Quand je demande à quelqu’un de me parler de « ses projets », ce n’est pas exactement la même chose que si je lui demande « son programme ». Quant à ceux-là, je m’attends à ce qu’il me parle de sa vie. Quant au programme, ce sera plutôt celui de la journée, voire de la soirée. De même, quand je vais au concert, si je lis le « programme », il ne portera que sur les 2 heures à venir ; mais rien n’empêche l’organisateur d’ajouter quelques précisions sur le « projet » de sa saison de programmation.
Voilà donc une première différence simple, usuelle pour séparer le « projet » et le « programme » : à chacun son terme. Un programme à long terme, c’est un projet ; et un projet à court terme, c’est un programme.
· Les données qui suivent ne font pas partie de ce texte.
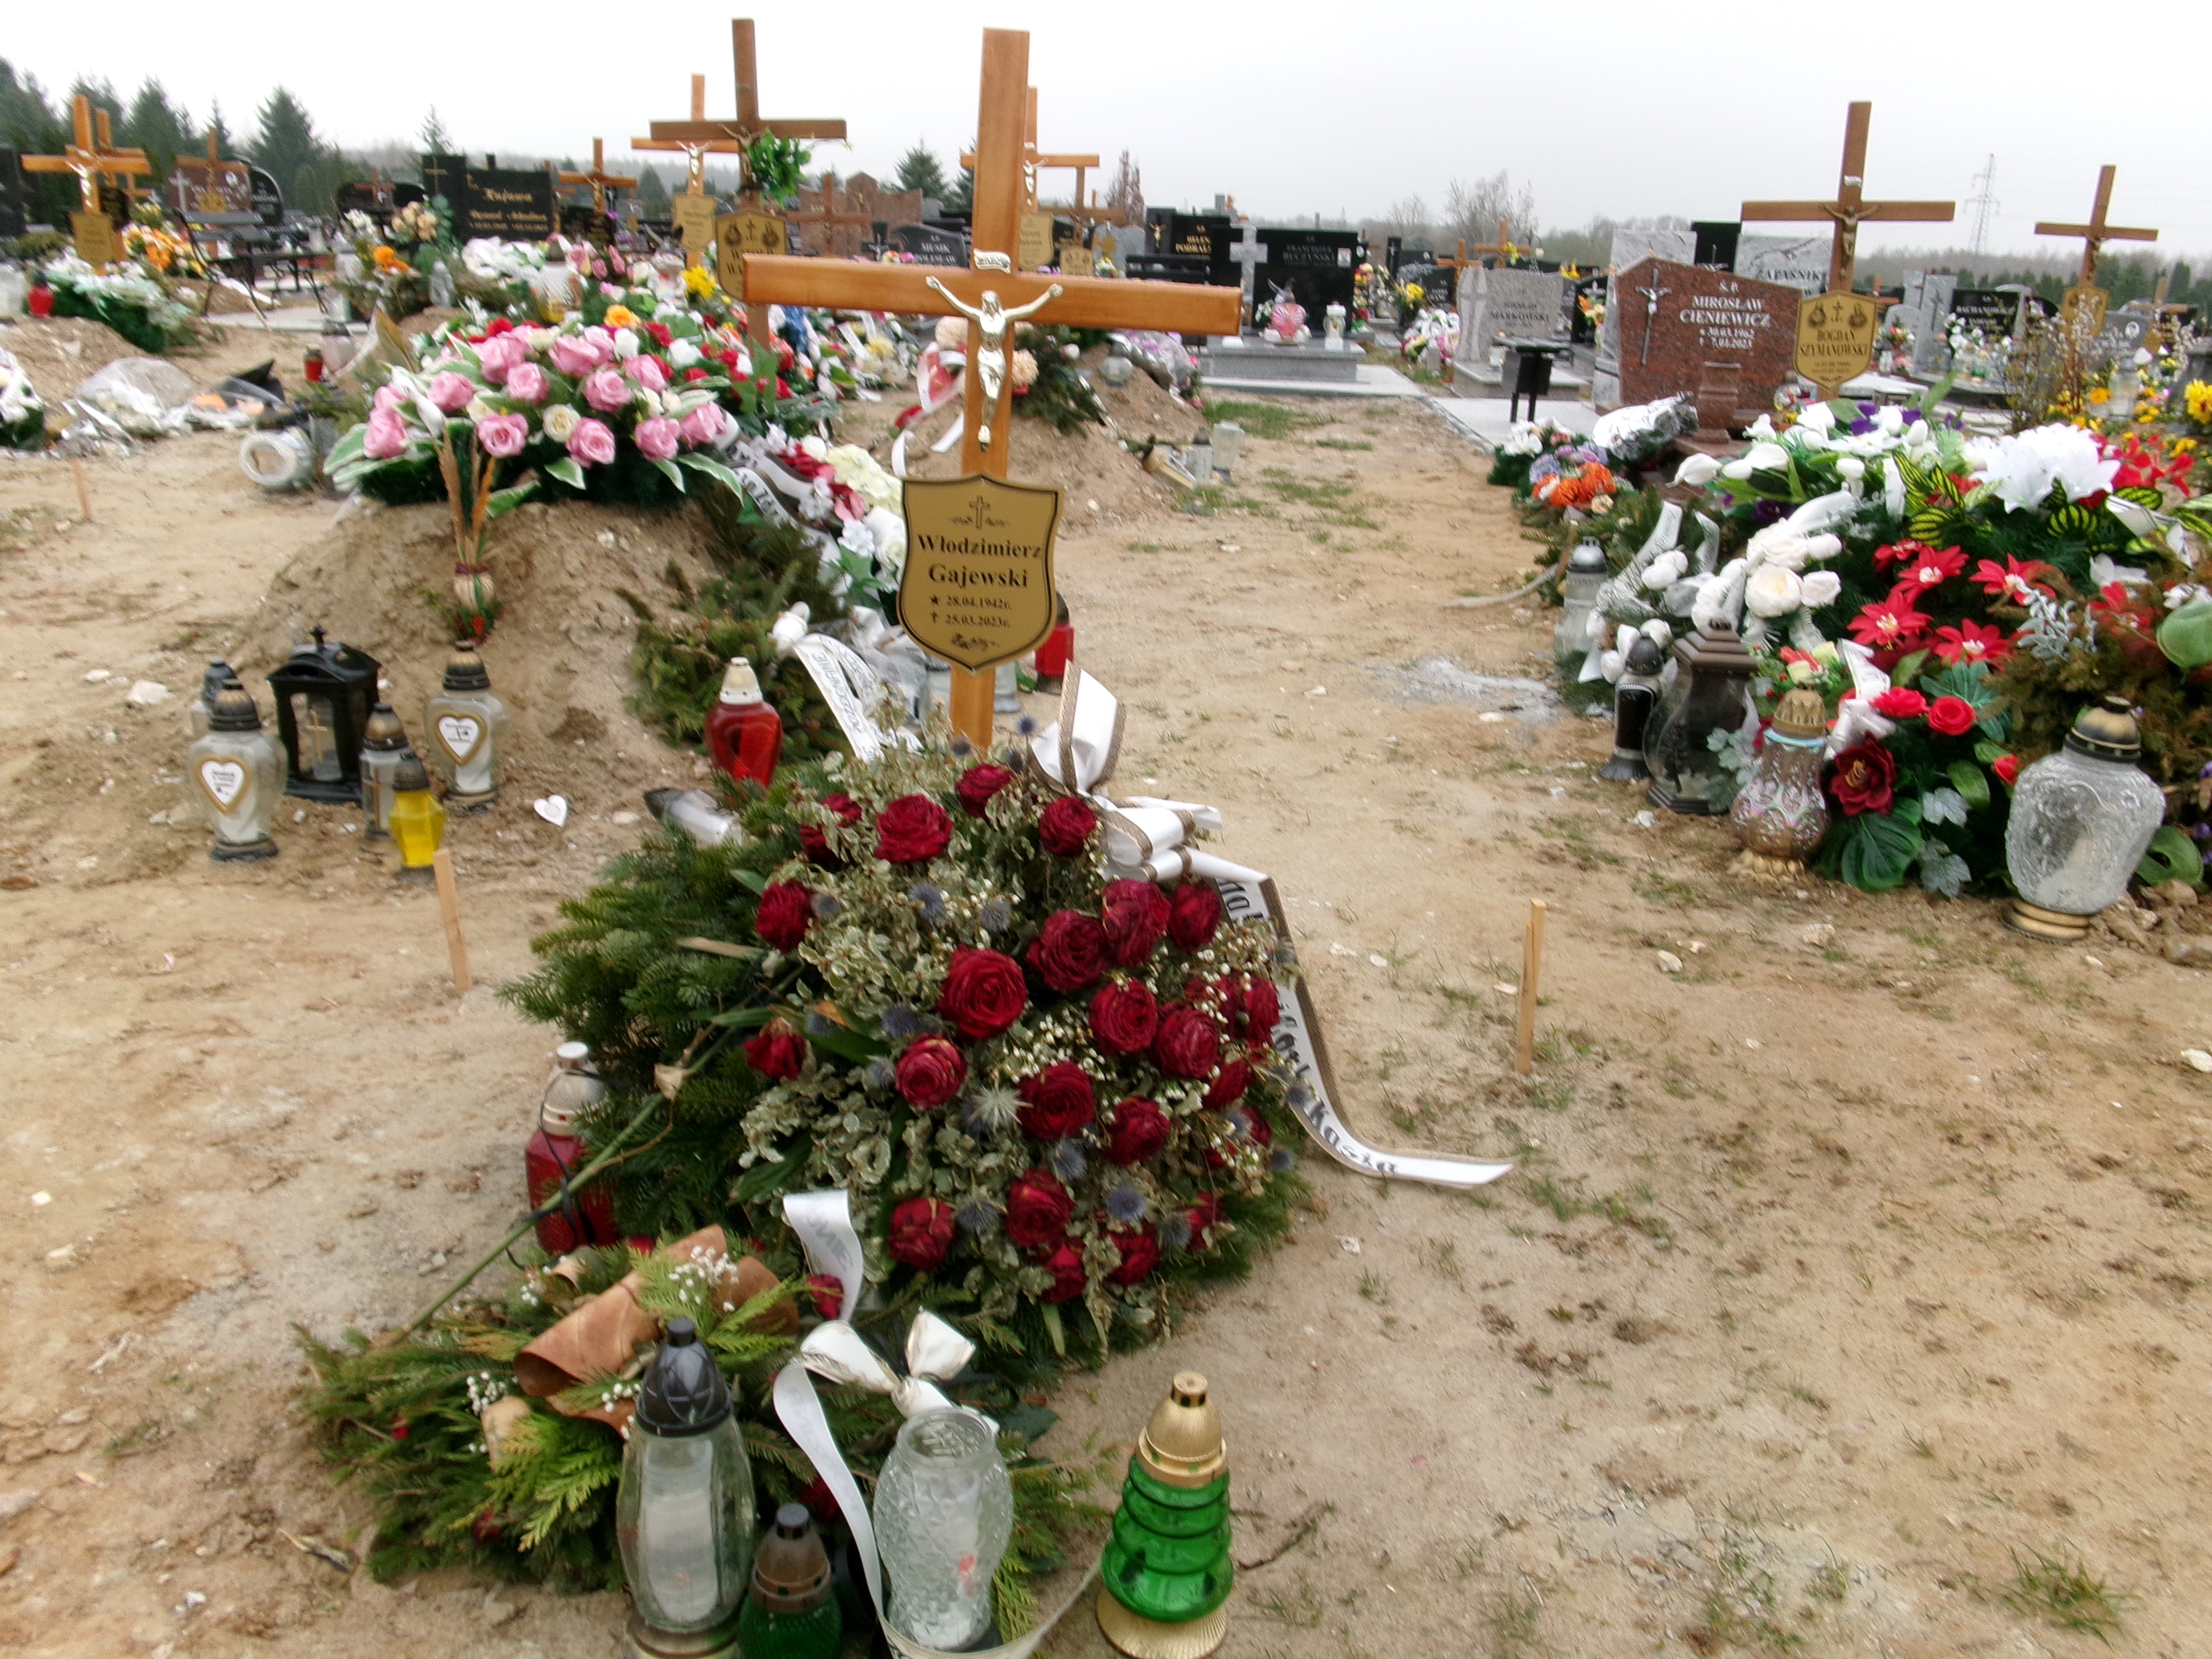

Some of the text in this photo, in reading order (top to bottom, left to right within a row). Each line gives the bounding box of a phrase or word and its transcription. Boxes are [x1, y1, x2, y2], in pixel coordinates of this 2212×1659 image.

Et en politique ? Au Parlement, une « loi de programmation » fixe d’emblée son cadre temporel alors qu’une loi, pour qui on dépose un « projet de loi », de par sa généralité, ne devrait jamais être de circonstances, aussi turbulente que puisse être la « vie du droit ».
Quelle différence au sein des formations politiques ? Un « projet » est plutôt un « projet de société » alors qu’un « programme » est un « programme de gouvernement ».
Voilà qui est clair : le « programme » détaille les mesures qui seront prises quand les « programmateurs » seront au pouvoir. Quant au « projet », rempli de promesses électorales, sa mise en application renverra au dur choc avec le principe de réalité. Quand le programme est du côté du « pouvoir », le projet est du côté du « vouloir ». Un projet est un « récit » ; un programme est une « liste ».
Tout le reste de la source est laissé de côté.